The visions ended. From the marrow in his bones to the blood pumping through him, Pathoth knew the truth. Tzeentch had cast a mantle over Ahriman’s inner sight, gifting Pathoth instead with a glimpse to the reality which awaited them all. The wake of the Rubric would not be the undoing of the Legion. It would lead to grander schemes, higher ambitions, ones where Pathoth’s elevated role was needed. The chaff needed to be removed from the straw. That would be Ahriman’s purpose. Guiding his soul back to the library, Pathoth opened his eyes to find Ahriman warily regarding him. He was a viper ready to strike at the first sign of a threat.

Pathoth kept his voice low, dismissing the tense atmosphere. “You have to understand this, Ahriman. As the vizier to Magnus, it would do no good for my presence in your cabal, regardless of my power. For both of the most trusted of the Primarch to be caught skulking behind his back, it does not bode well. However, I will tell the sorcerers under my influence they may join you… should they wish it. No repercussions will follow them, but they do so under their own choice.” 

Doubtful of Pathoth’s words, Ahriman hissed “What have you see that I haven’t?” 

“Nothing. I simply do not wish to sully my hands with this scheme of yours.”

Ahriman goaded at Pathoth’s narcissism. “When it works and Magnus praises my initiative, you will find your rise to power stopped. Indeed, you may find yourself in a plummet when he becomes informed of your hesitancy.” Flexing his mental energies into a spear tip, breaking the laws of neutrality in the libraries, Ahriman struck out and attacked Pathoth’s mental barriers. He was desperate to know what the other had seen, what he _needed_ to know. 

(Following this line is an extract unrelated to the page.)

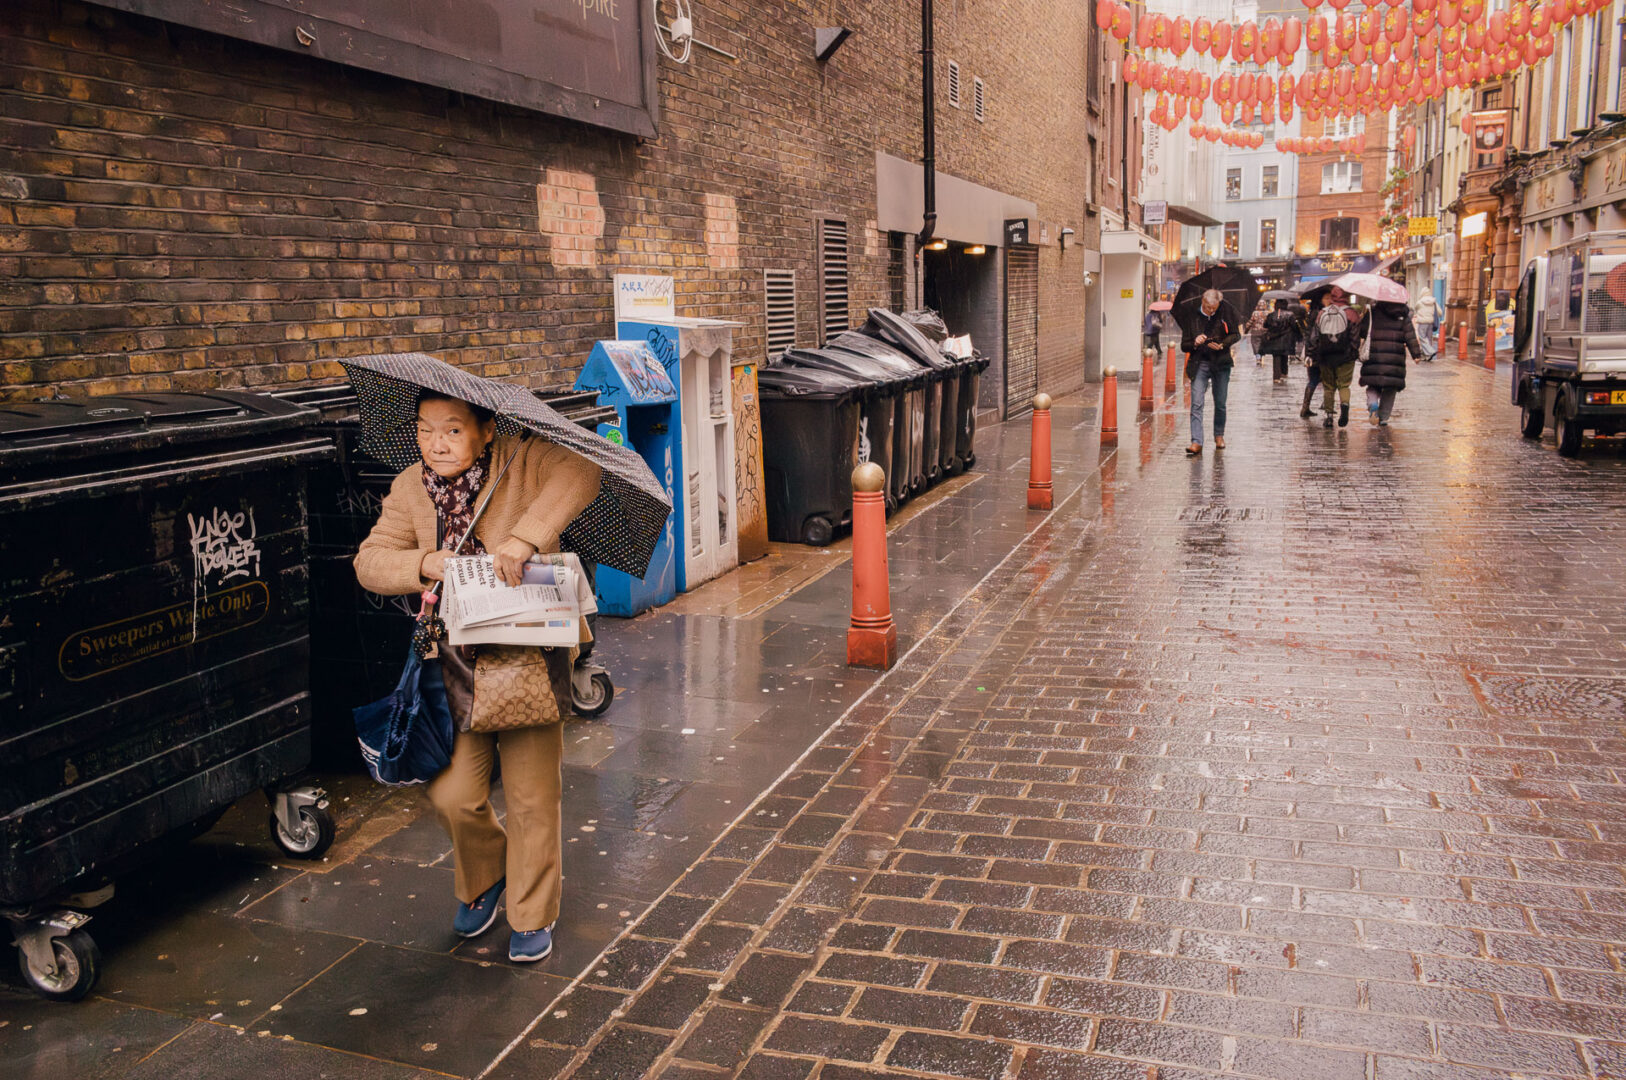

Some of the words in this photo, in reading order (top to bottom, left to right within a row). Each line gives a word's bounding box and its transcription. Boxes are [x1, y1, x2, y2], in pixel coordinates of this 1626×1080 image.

Pathoth grunted under the assault, hands gripping the edge of the marble table, cracking the stone. He defended, shielding his mind as the psychic wave lashed over him. Wresting control from Ahriman as sweat poured from his brow, Pathoth deflected the power away. Undirected, the psychic blast flew wide, cutting like a scythe into the crystal shelves and books held there. Slivers of crystal embedded themselves in the far wall. Torn paper and vellum fluttered to the floor, their edges burnt. The silence which followed after was great and terrible.

“You dare, in this place of sanctity, you dare to sully it!” Pathoth’s shouts brought his honour guard into the chamber, the doors flying open, bolters aimed at Ahriman. In turn, Ahriman’s guards turned their weapons against Pathoth’s.

“Peace, brothers, peace.” Ahriman waved his men to stand down, noting Pathoth did not give the order to his own.

“Foul words you speak, Ahriman. You do not speak about reconciliation. You seek to attack me. I could use this act against you should this matter be brought before Magnus.” Snapping his fingers, Pathoth’s guards moved into the library to escort Ahriman away. “Leave now, Ahriman, while I am still feeling generous and will not prattle to Magnus.” 

“An unnecessary display of force, Pathoth. I will show myself out.” The black staff of Ahriman’s blazed to life, its eldritch powers halting the vizier’s guards in mid-stride. Once the Sorcerer of the Red Cyclops departed, his honour guard trailing him, the others were able to move. Ahriman’s presence lingered in the library long after, a foul taste in the air. Pathoth spat on the chair his contender had just vacated.

Conscious to the state of affairs and the sheer delicacy required to retain the upper hand, Pathoth pledged all would go according to the true desires of the Changer of the Ways. It would be his finest stratagem to date. Now to begin the first of many moves, one which would echo into the next millennia. Ordering his honour guard to keep watch outside, Pathoth singled out one in particular.

“Belail, wait.” 

The Thousand Son, personal equerry to the vizier, saluted. He held his tongue as he surveyed the damage inside the grand library. Once the doors were shut Pathoth approached the marine, looking at a point beyond Belail and seeing the numerous pathways his future held. His equerry was a marine who crafted lies and deceit, acting as an informer, and exploited those weaker than himself. Pathoth always had a use for Belail. The other, in turn, was indebted to the powerful mage. 

“You told me once, Belail, that there were impostors in my ranks. Insidious vermin siding with Ahriman, delivering him my clandestine works, thinking I know nothing.”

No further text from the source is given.